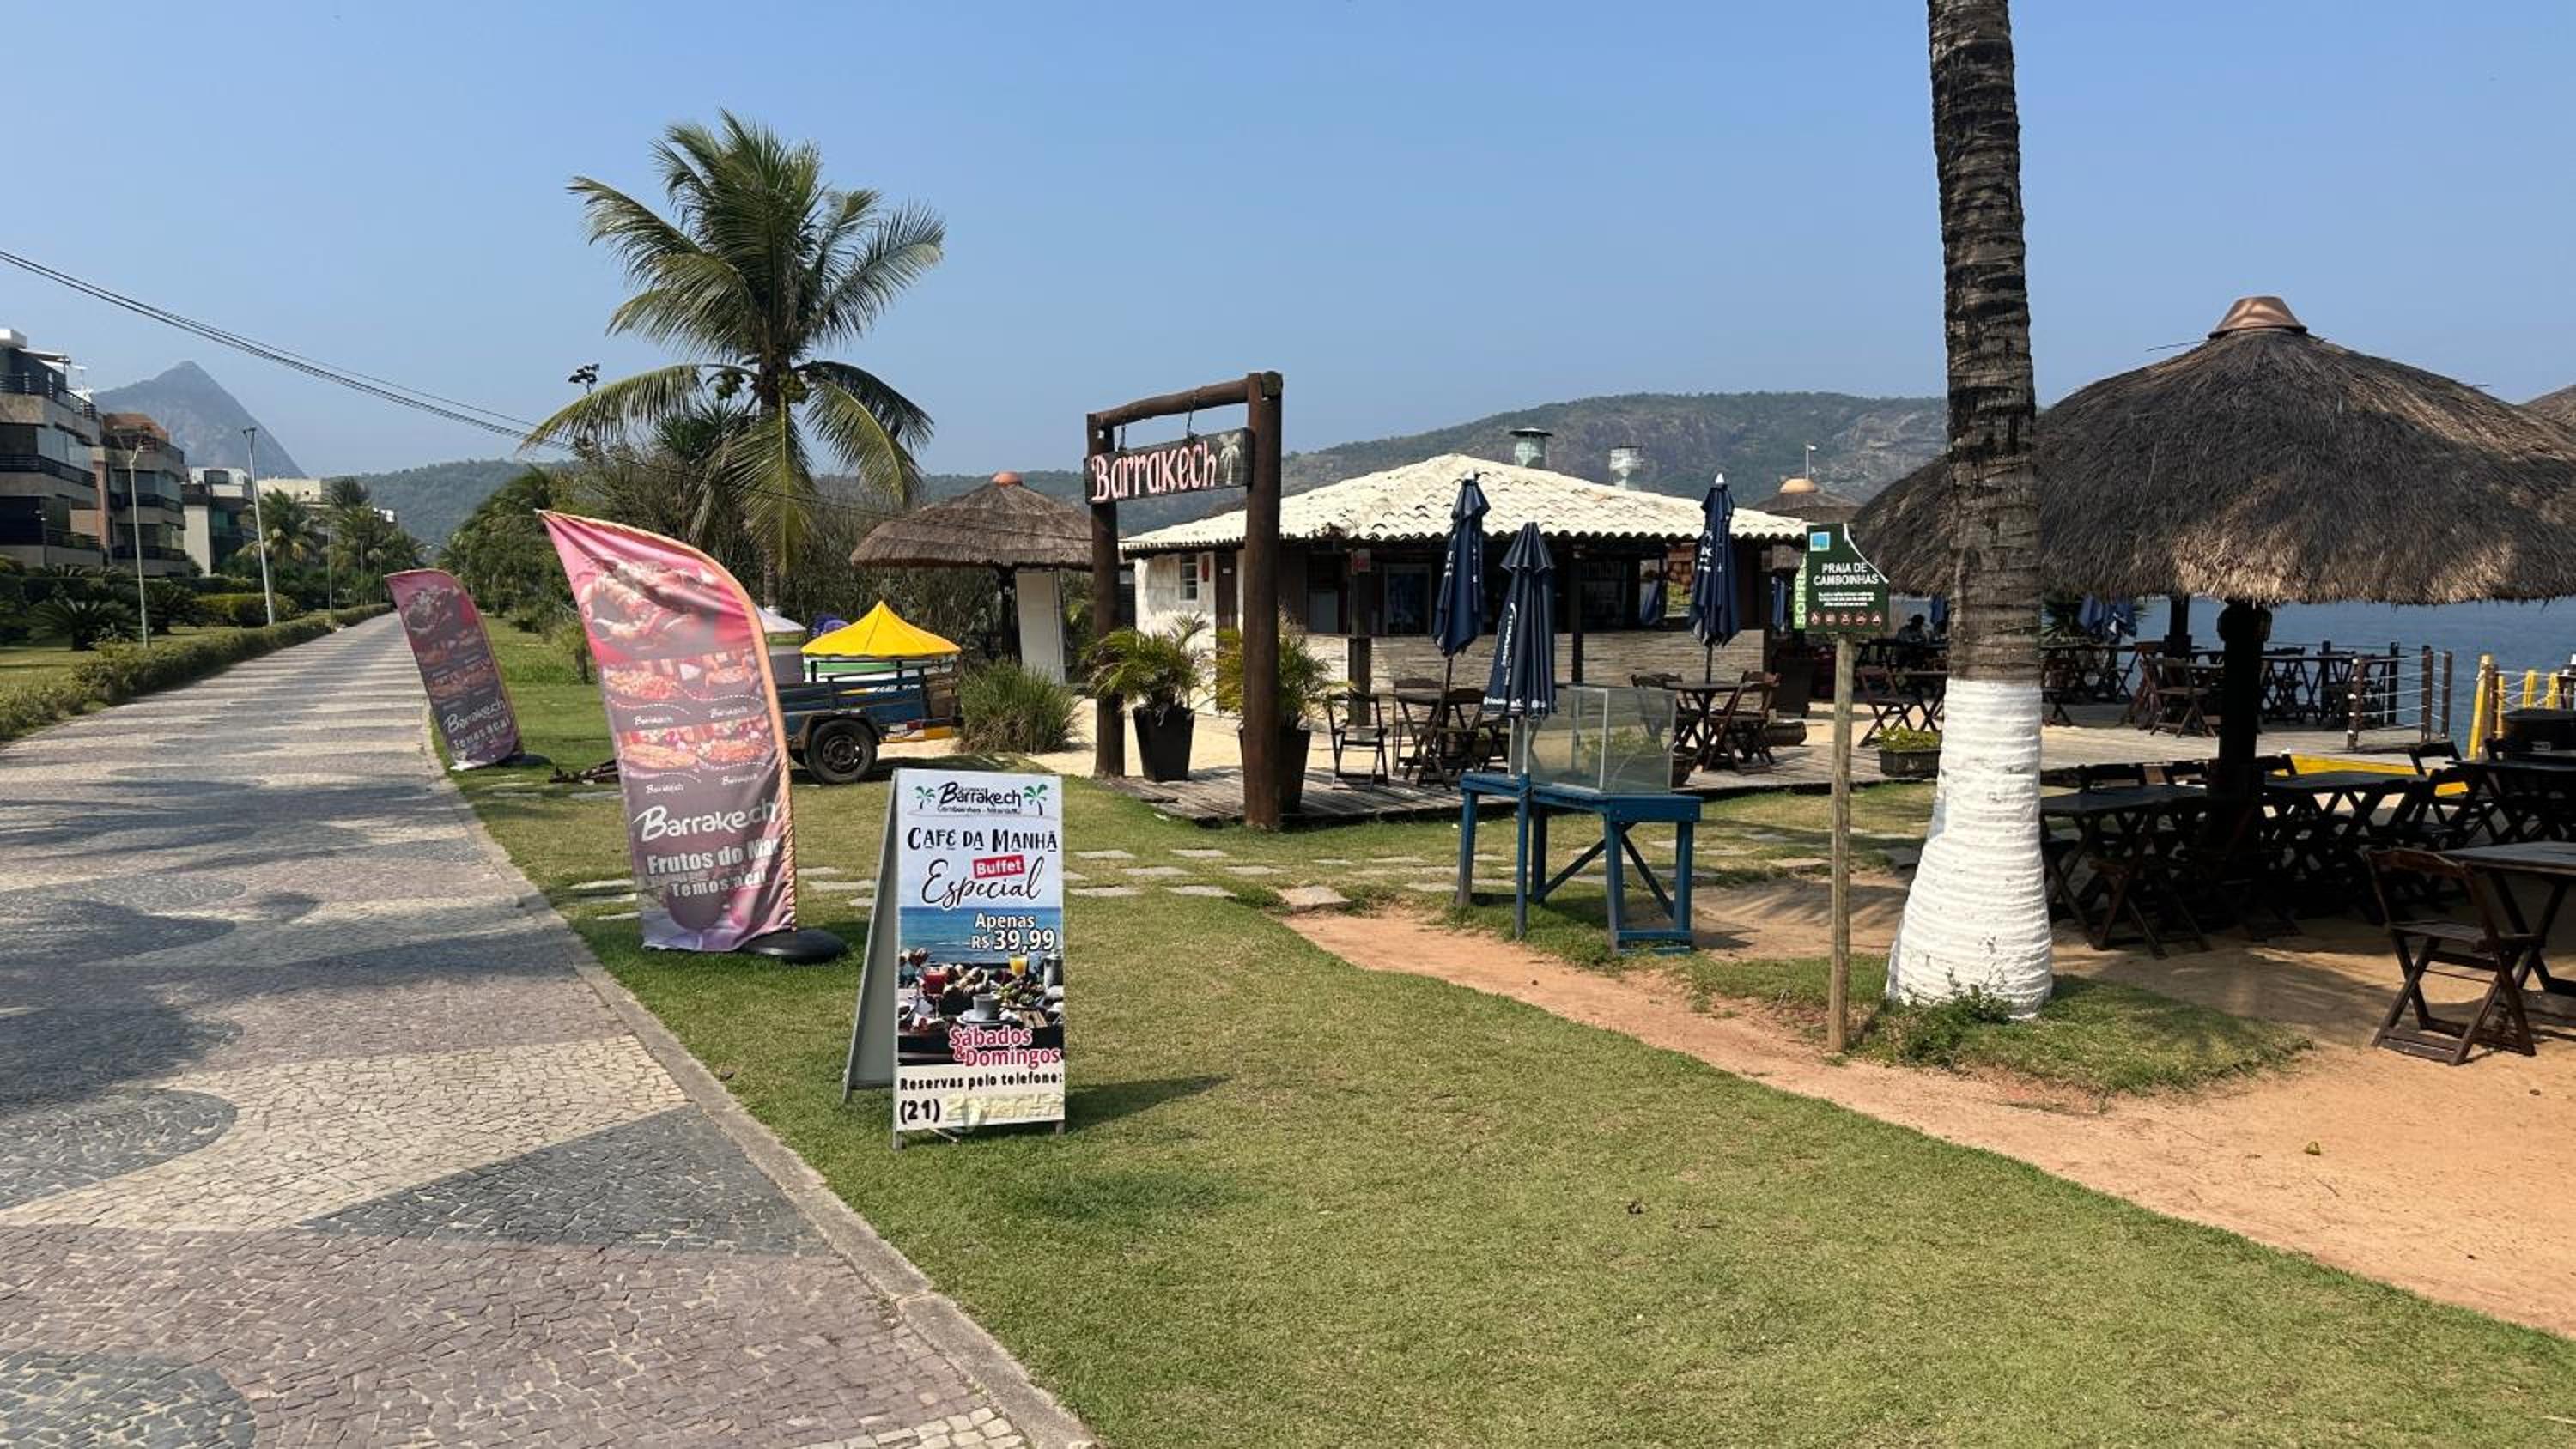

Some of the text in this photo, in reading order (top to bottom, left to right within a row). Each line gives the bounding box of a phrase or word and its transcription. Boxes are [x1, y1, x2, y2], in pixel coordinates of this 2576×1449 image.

[1091, 440, 1217, 501] Barrakech
[1813, 573, 1879, 585] CAMBOINHAS
[1821, 562, 1868, 574] PRAIA DE
[938, 781, 1021, 807] Barrakech
[632, 798, 775, 842] Barrakech
[963, 831, 984, 850] DA
[992, 829, 1058, 852] MANHÃ
[647, 851, 714, 876] Frutos
[718, 846, 744, 866] do
[976, 861, 1023, 876] Buffet
[671, 879, 730, 897] Temos
[921, 856, 1045, 908] Especial
[975, 913, 1035, 931] Apenas
[993, 930, 1055, 954] 39,99
[900, 1071, 1062, 1091] Reservas pelo telefone:
[899, 1099, 940, 1124] (21)
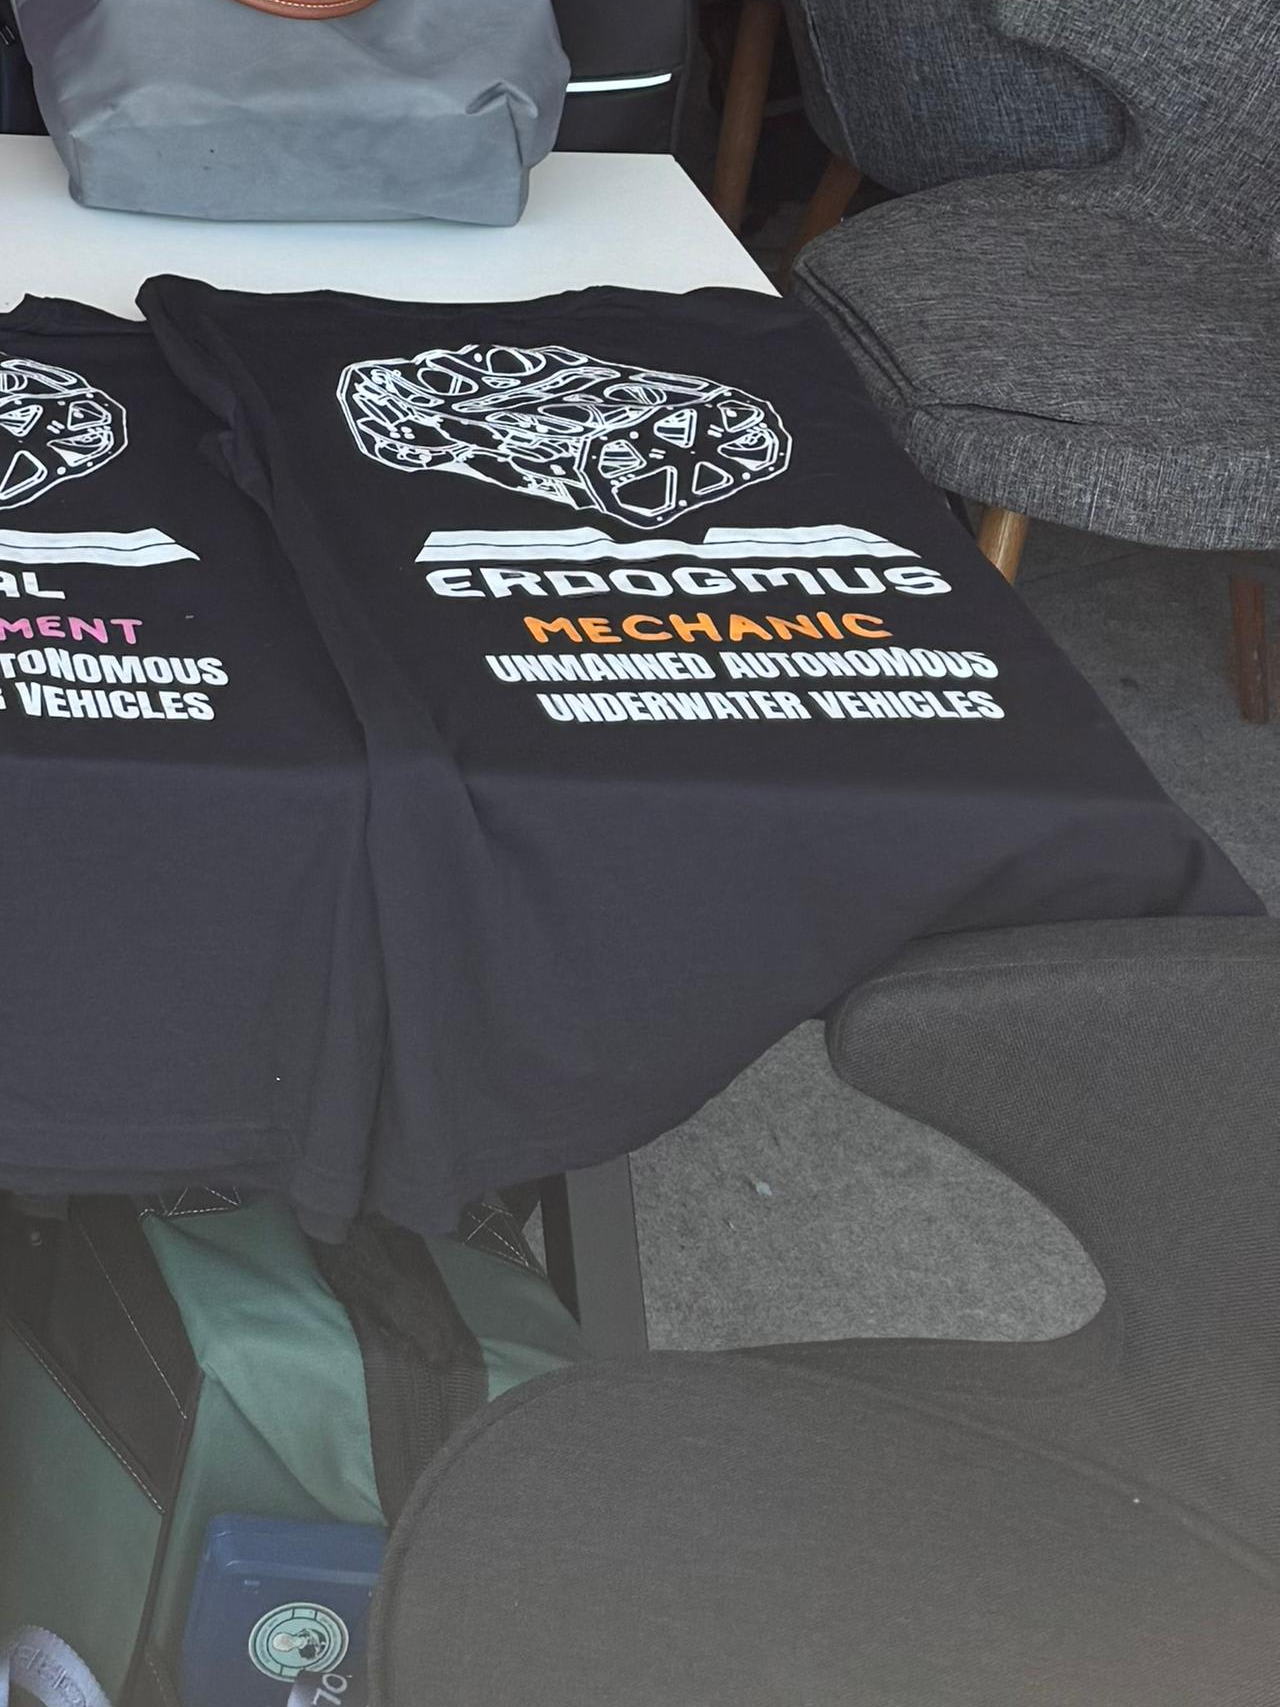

(Problem statement) Pictures do not go in the copy; print every entry exactly as it stands.

(Solution)
Some of the text in this photo, in reading order (top to bottom, left to right within a row). Each line gives the bounding box of a phrase or word and its transcription. Boxes are [x1, y1, x2, y2], in pixel coordinates of this 2576×1449 image.

[1091, 440, 1217, 501] Barrakech
[1813, 573, 1879, 585] CAMBOINHAS
[1821, 562, 1868, 574] PRAIA DE
[938, 781, 1021, 807] Barrakech
[632, 798, 775, 842] Barrakech
[963, 831, 984, 850] DA
[992, 829, 1058, 852] MANHÃ
[647, 851, 714, 876] Frutos
[718, 846, 744, 866] do
[976, 861, 1023, 876] Buffet
[671, 879, 730, 897] Temos
[921, 856, 1045, 908] Especial
[975, 913, 1035, 931] Apenas
[993, 930, 1055, 954] 39,99
[900, 1071, 1062, 1091] Reservas pelo telefone:
[899, 1099, 940, 1124] (21)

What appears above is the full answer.